People who are using HIV exposure medication – PEP must still comply. Apply measures to prevent transmitting HIV virus to others until the test is confirmed to be negative for HIV virus after 3 months.

    

Side effects are common when using HIV exposure drugs

Drugs that are toxic to the liver and kidneys: Some drugs cause damage to liver cells and increase liver enzymes. If liver enzymes increase 5 times normal, stop using the drug.
Headache: If you have a headache when taking the medicine. You can use common pain relievers such as Paracetamol.
Nausea: Can take medicine during or immediately after eating. If this phenomenon is severe, you can take antiemetics 30 minutes before taking exposure prophylaxis.
Diarrhea: When you have diarrhea, you need to drink Oresol to replenish water and electricity. If diarrhea is severe, intravenous fluids and anti-diarrheal medication are needed for temporary relief.
Abdominal pain, abdominal discomfort: Monitor carefully, if abdominal pain is continuous or prolonged, go to a medical facility where medication is provided for treatment. It may even be necessary to substitute another medication if necessary.

Rash, itching: These are signs of an allergy.

+ If the allergy is mild: scattered erythema with simple itching, you can take antihistamines.
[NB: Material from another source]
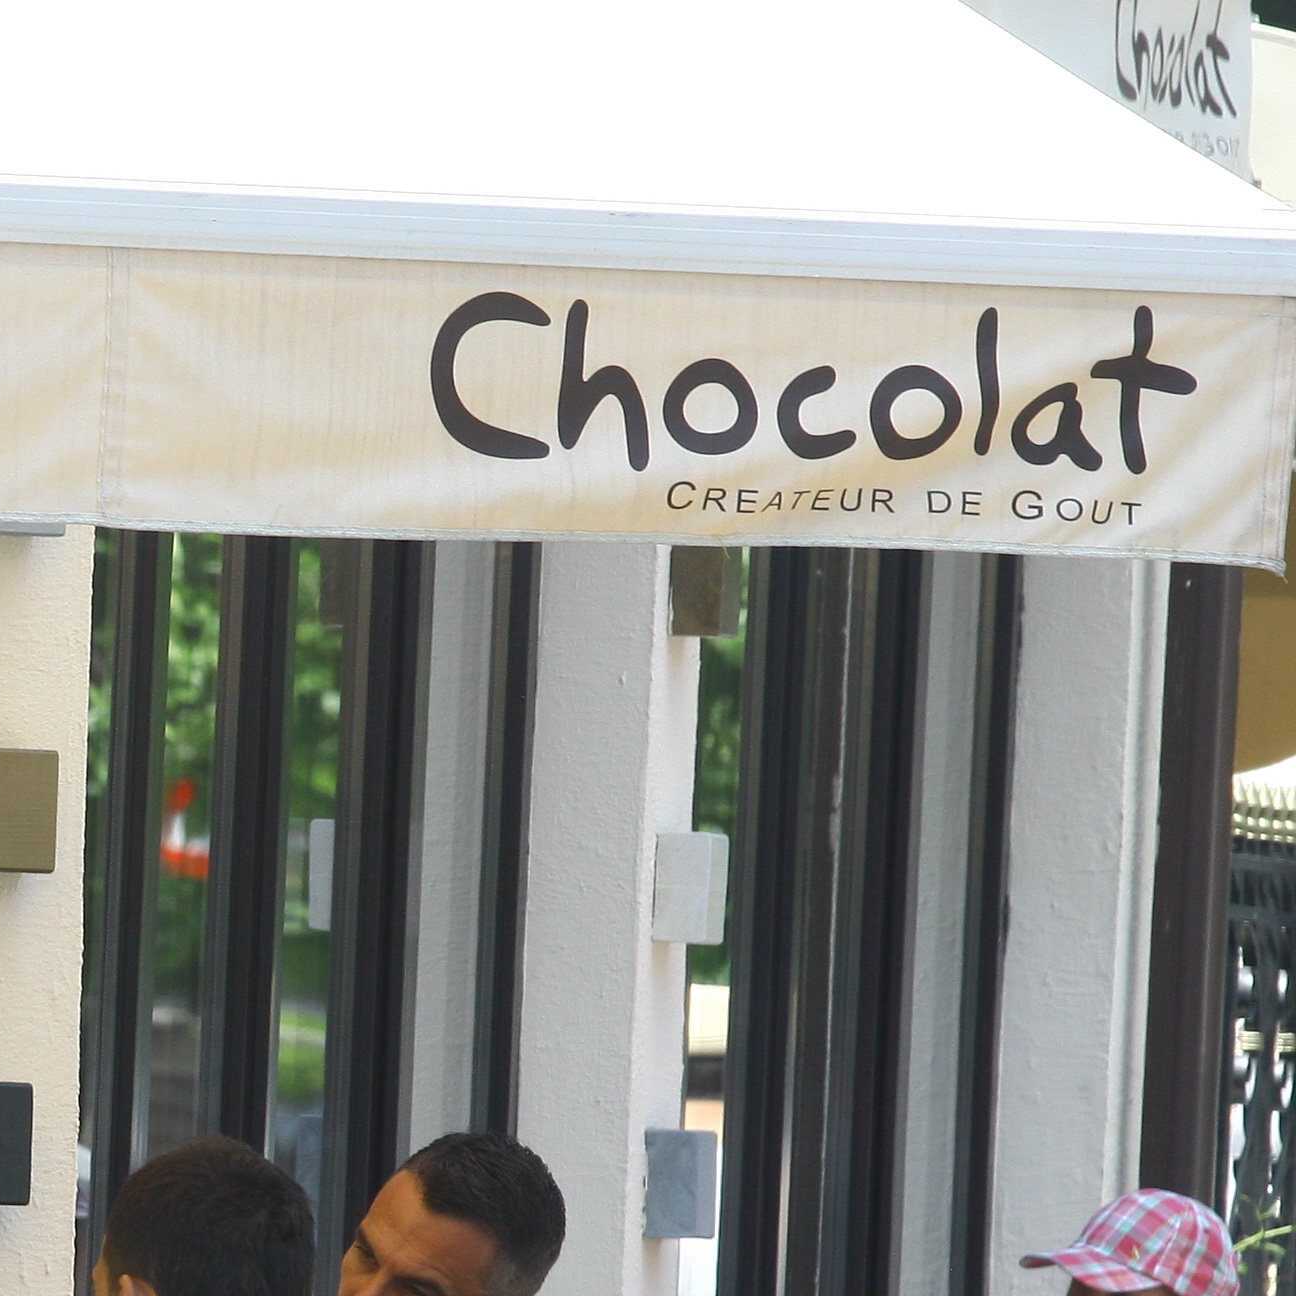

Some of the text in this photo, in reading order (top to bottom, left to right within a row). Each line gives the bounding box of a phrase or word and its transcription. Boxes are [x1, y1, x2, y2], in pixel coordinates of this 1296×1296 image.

[429, 291, 1198, 475] Chocolat
[665, 480, 1144, 527] CREATEUR DE GOUT
+ Severe: rash, itching, difficulty breathing… can be life-threatening. It is necessary to immediately stop taking the drug and receive intensive treatment at qualified medical centers.
Dizziness and vertigo: Some ARV drugs have the effect of inhibiting the bone marrow, causing the bone marrow to reduce its ability to produce red blood cells, causing anemia. You can supplement Vitamin B12, iron tablets or Folic acid to improve this condition.
Sleep disorders, difficulty sleeping, nightmares: Should be used at night before going to bed. You can use sedatives and aids to sleep better.
Peripheral neuropathy: Symptoms of peripheral sensory disorders mainly in the extremities, walking may be difficult. You can use Vitamin B for support. If it is severe, you need to go to a medical facility where the medicine is provided to get support to replace the medicine.
Fat redistribution: Some HIV exposure drugs increase fat accumulation in the chest, abdomen, back, and nape, but cause atrophy of fatty tissue in the forearms, arms, legs, buttocks, and cheeks.

Exposure prophylaxis medications have many side effects, so while taking HIV exposure medications. If users see any unusual symptoms, they should immediately notify their doctor for instructions and appropriate treatment.

Any questions about HIV issues. Please call 0909000966 for HIV consultation, HIV testing consultation directly from experts.